Today’s New York Times Book Review is nowhere near as annoying as either of the last two.
The front cover promises William Vollman on Nietzsche and Francine Prose on Eudora Welty, and that’s a good start. Vollmann and Nietzsche ought to go together like peanut butter and jelly, and in fact they have a lot to talk about (Vollmann also occasionally mentions the book he is reviewing, Friedrich Nietzsche by Curtis Cate). I have a feeling Vollmann could write several volumes about Nietzsche, but the short primer he presents here is useful and interesting.
I also learned a few things from Prose’s prose on Welty — like the fact that Eudora Welty was a copy editor for the New York Times Book Review itself in 1944. I’d love to see the archives from that year; in fact, I hope the NYTBR will follow the lead of the New Yorker and start publishing their archives in trade book form. Let’s get that book out already.
I enjoyed A. O. Scott’s witty review of Bret Easton Ellis’s Lunar Park (“Ellis does not seem especially interested in changing anyone’s low opinion of him, preferring to perform a pre-emptive character assassination on himself”). It’s a respectful review and mainly a positive one. I’m reading Lunar Park myself now and I will certainly have more to say about it soon.
There’s a decent amount of fiction coverage, and I’m going to be looking out for books by Edie Meidav, Xinran and Mary Anne Mohanraj for bookstore skimmage and possible purchase.
This Book Review’s one false note — but a loud false note — is Dan Chaisson’s overly worshipful review of Migration, the career collection of poet W. S. Merwin. We hear stuff like this: “What replaced them … were distilled lyrics, unpunctuated, employing a new sit of stripped integers: bees, larks, dust, streams”. What happened to Mopsy and Cottontail? And what the hell does that even mean? We also hear a poem described as “the sort of Yeats poem Berryman would have written to impress R. P. Blackmur”. Check, I was thinking the same thing. The Book Review lost me on this article, but the rest of it holds up just fine.
3 Responses
So …Is Nietzsche the peanut
So …
Is Nietzsche the peanut butter or the jelly?

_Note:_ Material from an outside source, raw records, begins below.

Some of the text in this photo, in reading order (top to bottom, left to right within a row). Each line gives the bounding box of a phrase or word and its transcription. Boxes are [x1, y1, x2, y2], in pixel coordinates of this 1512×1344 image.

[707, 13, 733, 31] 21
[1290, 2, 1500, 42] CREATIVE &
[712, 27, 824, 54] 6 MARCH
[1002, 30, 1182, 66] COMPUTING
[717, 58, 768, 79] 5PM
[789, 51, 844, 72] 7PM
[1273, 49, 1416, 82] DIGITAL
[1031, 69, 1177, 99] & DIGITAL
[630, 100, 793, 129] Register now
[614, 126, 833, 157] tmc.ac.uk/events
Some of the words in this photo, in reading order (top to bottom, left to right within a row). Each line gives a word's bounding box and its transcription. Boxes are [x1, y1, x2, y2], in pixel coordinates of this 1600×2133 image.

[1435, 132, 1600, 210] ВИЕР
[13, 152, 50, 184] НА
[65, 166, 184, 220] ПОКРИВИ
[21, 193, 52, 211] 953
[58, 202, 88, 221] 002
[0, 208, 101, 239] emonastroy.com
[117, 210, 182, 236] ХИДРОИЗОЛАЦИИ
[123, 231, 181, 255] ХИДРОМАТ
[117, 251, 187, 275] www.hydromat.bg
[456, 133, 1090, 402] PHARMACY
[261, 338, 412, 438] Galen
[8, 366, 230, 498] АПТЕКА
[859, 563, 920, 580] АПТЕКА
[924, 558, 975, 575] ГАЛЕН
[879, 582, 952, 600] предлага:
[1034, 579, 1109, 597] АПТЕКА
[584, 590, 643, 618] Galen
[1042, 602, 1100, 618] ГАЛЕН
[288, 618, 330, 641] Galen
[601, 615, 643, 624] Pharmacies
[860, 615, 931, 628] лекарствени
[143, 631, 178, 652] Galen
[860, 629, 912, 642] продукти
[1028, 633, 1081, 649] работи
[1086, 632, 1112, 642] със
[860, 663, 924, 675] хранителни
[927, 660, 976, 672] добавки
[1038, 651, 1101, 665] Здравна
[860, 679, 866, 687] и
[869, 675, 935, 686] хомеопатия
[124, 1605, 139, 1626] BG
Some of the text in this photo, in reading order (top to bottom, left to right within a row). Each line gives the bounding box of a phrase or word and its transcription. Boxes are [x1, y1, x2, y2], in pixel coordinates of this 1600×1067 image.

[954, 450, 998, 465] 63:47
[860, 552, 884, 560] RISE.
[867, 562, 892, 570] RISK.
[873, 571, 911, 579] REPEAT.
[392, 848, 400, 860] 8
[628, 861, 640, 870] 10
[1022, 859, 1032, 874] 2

I’m afraid to answer, knowing
I’m afraid to answer, knowing that I am speaking to the inventor of Henry James Chili and D. H. Lawrence Corned Beef Hash. I know what’s coming, if I say anything at all.
Boysenberry JamI must say I
Boysenberry Jam
I must say I think seedless boysenberry jam is the greatest food on the face of the Earth. Goes great with peanut butter.
I went to the NY Times and read the article about the guy who wrote Less Than Zero. I did this only because I’d seen you’ve been reviewing the review. It was interesting to see how he’s marketing himself and being marketed. I went to the web site even of Jayne Payne.
It seems to me rather than fictionalizing his life he is fictionalizing his fiction with him as the fictional character wherein the fiction is that he is not a fictional character.
It seems that TV has been there first. Seinfeld was the pioneer. Jerry Seinfeld wasn’t really a guy in New York with friends George and Kramer and Elaine, but that was Jerry Seinfeld’s name and ostensibly Jerry Seinfeld was playing himself etc…
Then there was Drew Carey, Andy Richter, George Lopez and virtually every TV sitcom has the same premise.
This fictionalizing a real person as if they are a real character being written about but what is written about them is fiction seems to be a trend as well. A few posts ago I made a cryptic comment about Michael Chabon and CB Colby. Chabon has been lecturing that a well known children’s writer named CB Colby was in reality a former Nazi propagandist who pretended toa be jewish camp survivor to escape prosecution, and with the help of a former actual concentration camp survivor whom he met in Europse after the war and married, moved to the US and pulled off the scam, by, among other things, putting on a fake camp tattoo. To make matters worse, the real Nazi, fake jewish holocaust survivor turned children’s book author wrote a book called the Book of Hell which was his initially critically acclaimed memoir of the horrible life in the camp.
OK, it sounds like a story for his next novel, but the problem is CB Colby was a real author who wrote the books Chabon attibutes to him. But there is no “Book of Hell”, no person who did any of the things attibuted to the very real CB Colby, author of the classic “Strangely Enough”.
Easton makes the drug addled character himself, at least. Chabon is making the rotten fictional character based on someone else who is real (or was, since he’s passed away — nice way to avoid a slander suit).
Also, I note how much the B&W pub photo of Easton reminds me of old pub photos of Kerouac in the Town and City time period. Are publishing house going retro or have they simply still used the same standard official author shot approach after 50 years.